Der TV Gladbeck II muss allerdings in Bielefeld und auch danach auf Kapitänin Ina Mertzen verzichten. Die Verletzung, die sich die Außenangreiferin am vergangenen Wochenende zuzog, hat sich als Innen- und Außenbandriss im Sprunggelenk erwiesen. „Damit“, so Schulz, „fällt Ina auf unbestimmte Zeit aus.“

Esin Aslan spielt eine starke Saison

Mertzens Part dürfte zunächst Esin Aslan übernehmen, die gegen Werth/Bocholt aus beruflichen Gründen passen musste, in Bielefeld aber wieder für den TVG auflaufen kann. Aslan spielte bislang eine starke Saison.
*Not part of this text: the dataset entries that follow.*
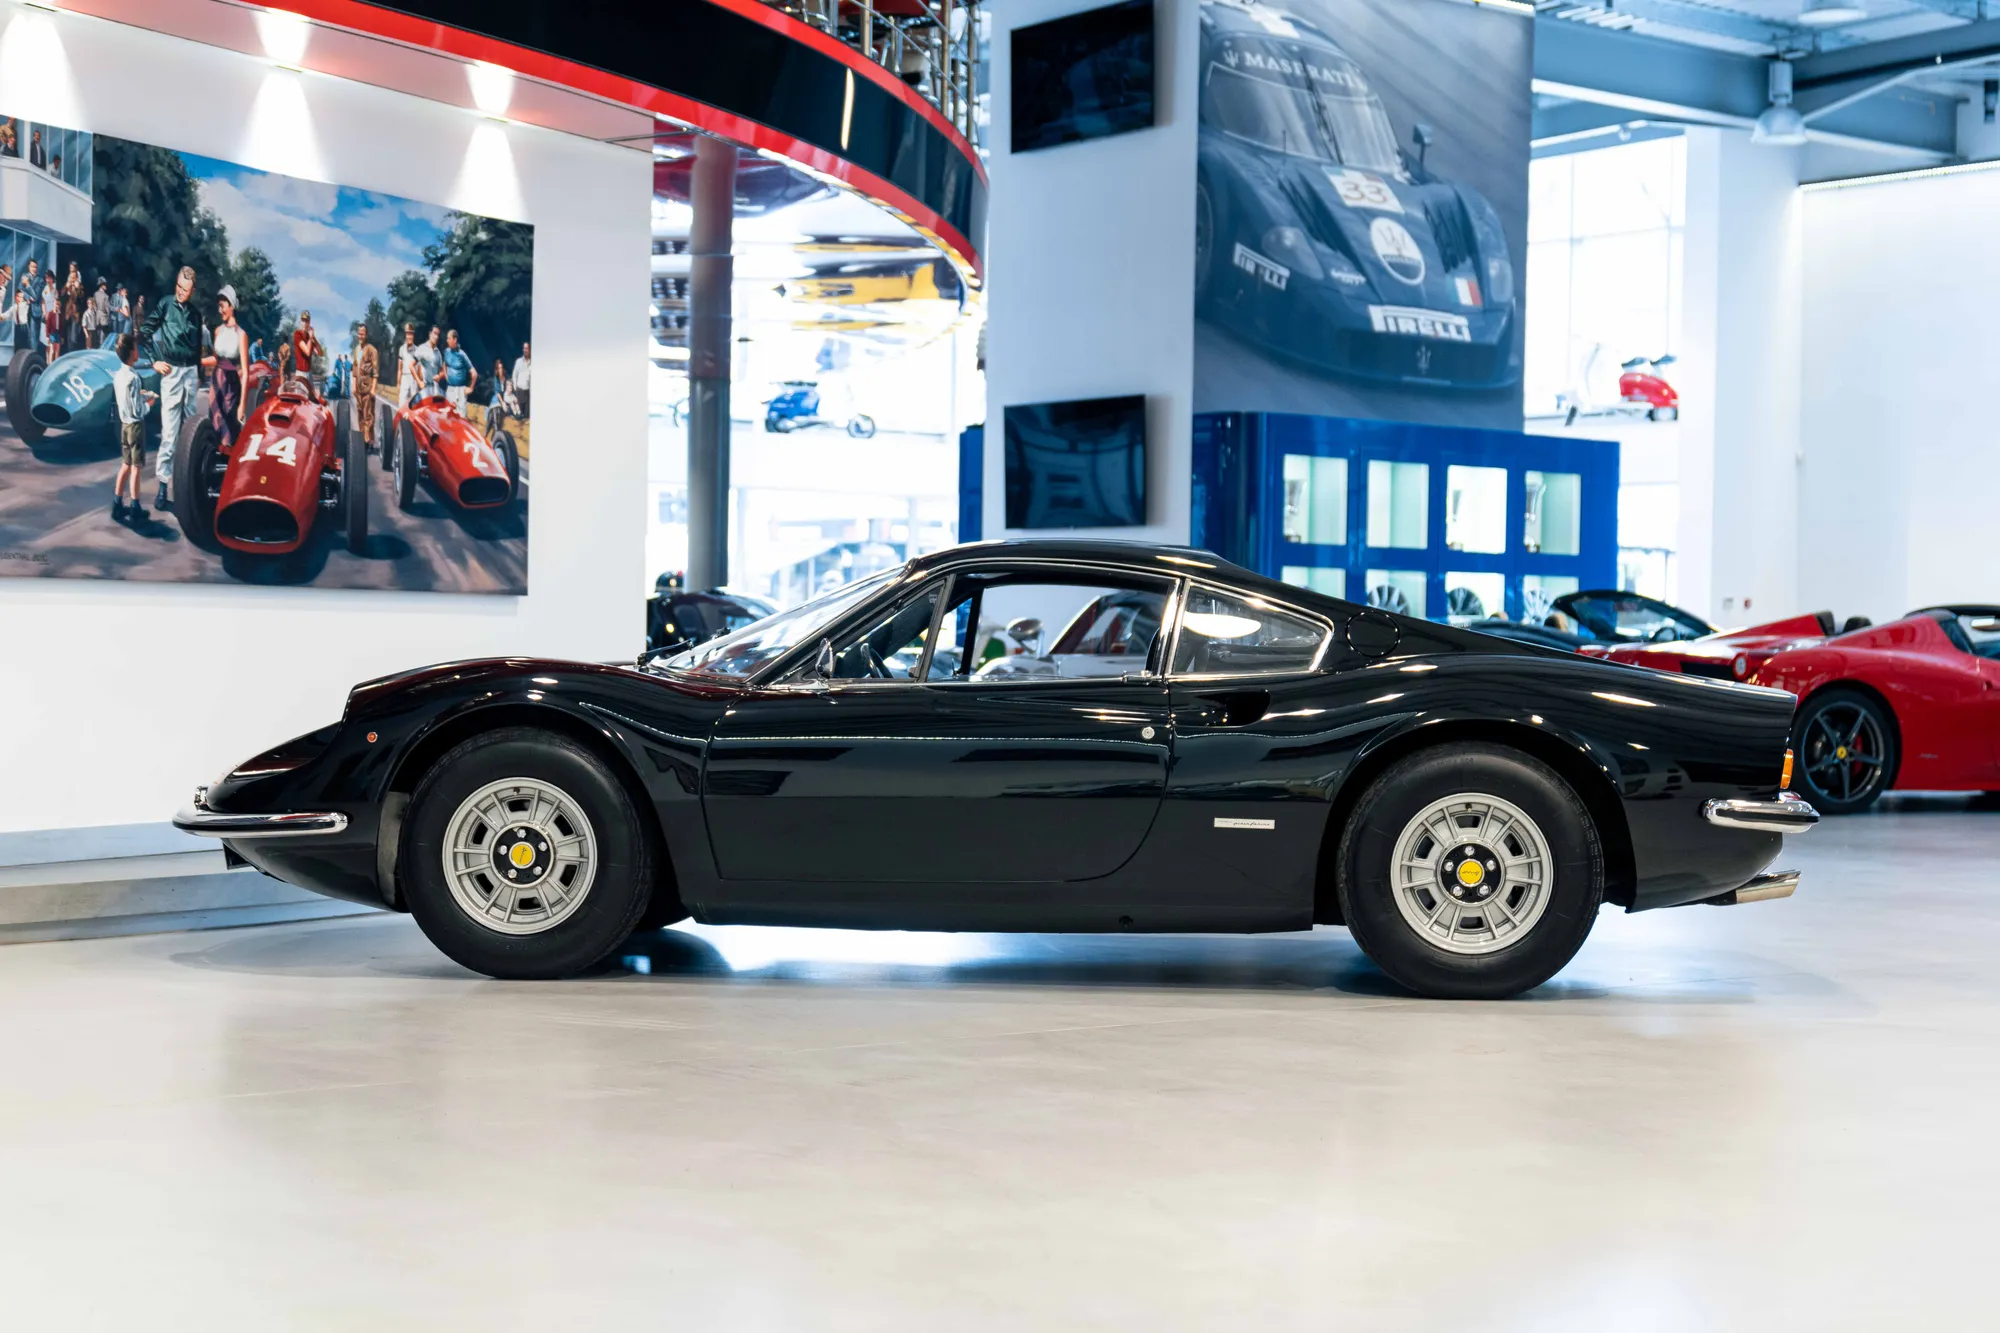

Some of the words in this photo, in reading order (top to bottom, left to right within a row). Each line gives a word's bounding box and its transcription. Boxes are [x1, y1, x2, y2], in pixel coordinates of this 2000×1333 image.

[1341, 180, 1388, 205] 33
[1233, 242, 1290, 291] PIRLLI
[1368, 304, 1471, 342] PIRELLI
[62, 375, 94, 403] 18
[239, 433, 297, 467] 14
Für den Außenangriff in der Hinterhand hat Enno Schulz ja auch noch die talentierte Kim Smaniotto, die am vergangenen Samstag ihre Sache gut machte.
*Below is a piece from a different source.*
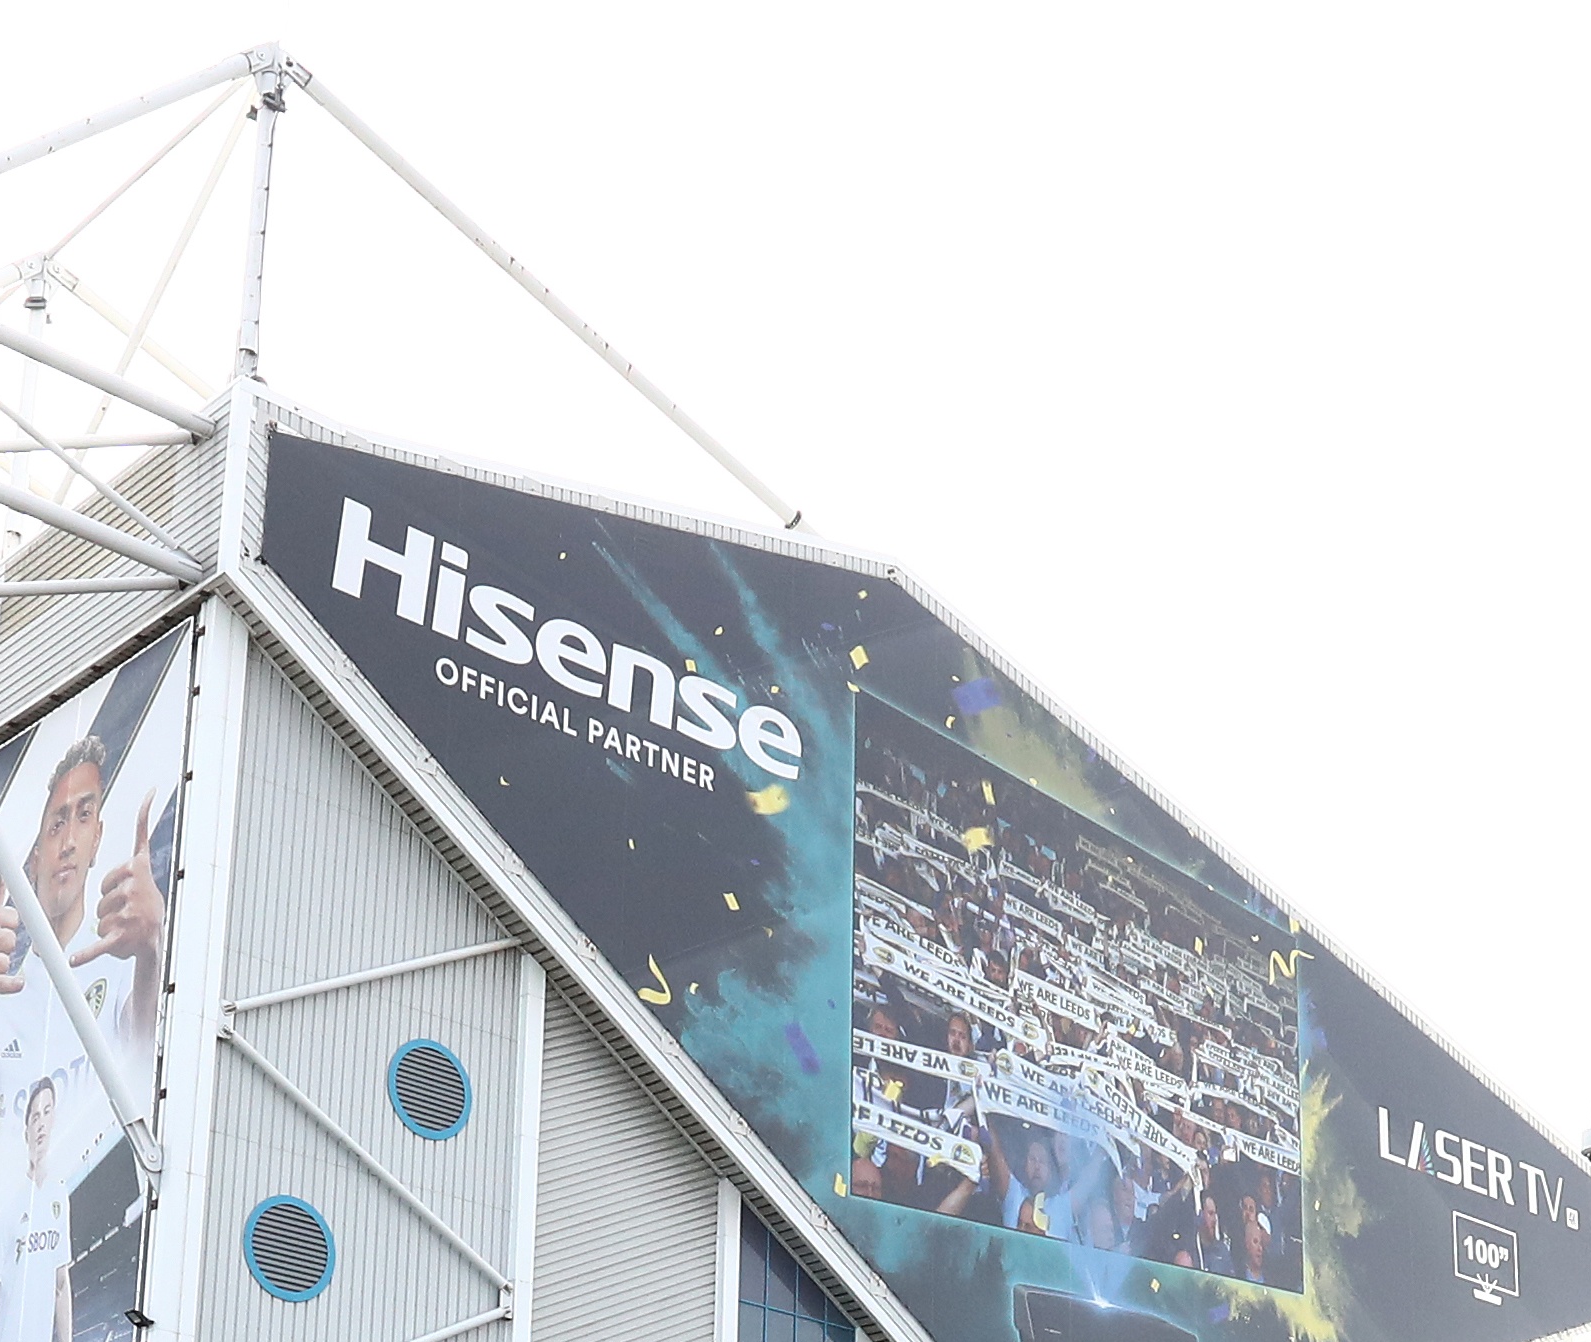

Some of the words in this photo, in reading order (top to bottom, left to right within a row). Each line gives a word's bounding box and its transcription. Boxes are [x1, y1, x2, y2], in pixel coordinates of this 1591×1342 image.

Schulz erwartet kampfstarke Gastgeberinnen. „Bielefeld ist“, so der Trainer des TV Gladbeck II, „am vergangenen Spieltag ans Tabellenende gerutscht. Die Mannschaft wird uns alles abverlangen, wir müssen uns auf ein schweres Spiel einstellen.“ Schulz erwähnt in diesem Zusammenhang nicht nur den 3:0-Sieg des Telekom Post SV in Senden, sondern auch das Pokalspiel der Gladbecker Zweitliga-Mannschaft in Bielefeld. „In eigener Halle“, erinnert der Coach, „hat der TPSV es geschafft, den Giants einen Satz abzunehmen.“

Umkämpftes Hinspiel

Und auch das Hinspiel gegen Bielefeld war umkämpft. Die zweite Mannschaft des TVG gewann die Partie in der Artur-Schirrmacher-Halle zwar mit 3:1, die Satzergebnisse fielen jedoch - vom ersten Durchgang (25:14) einmal abgesehen - allesamt recht knapp aus (20:25, 25:21, 25:23).

Vor dem erneuten Aufeinandertreffen sagt Schulz: „Wir wollen „Bielefeld sofort den Zahn ziehen.“ Das heißt: Die Zweitvertretung des TV Gladbeck wird wie zuletzt versuchen, mit ihren Aufschlägen den Gegner unter Druck zu setzen. Außerdem komme es, so der TVG-Trainer weiter, auf den ersten Pass an.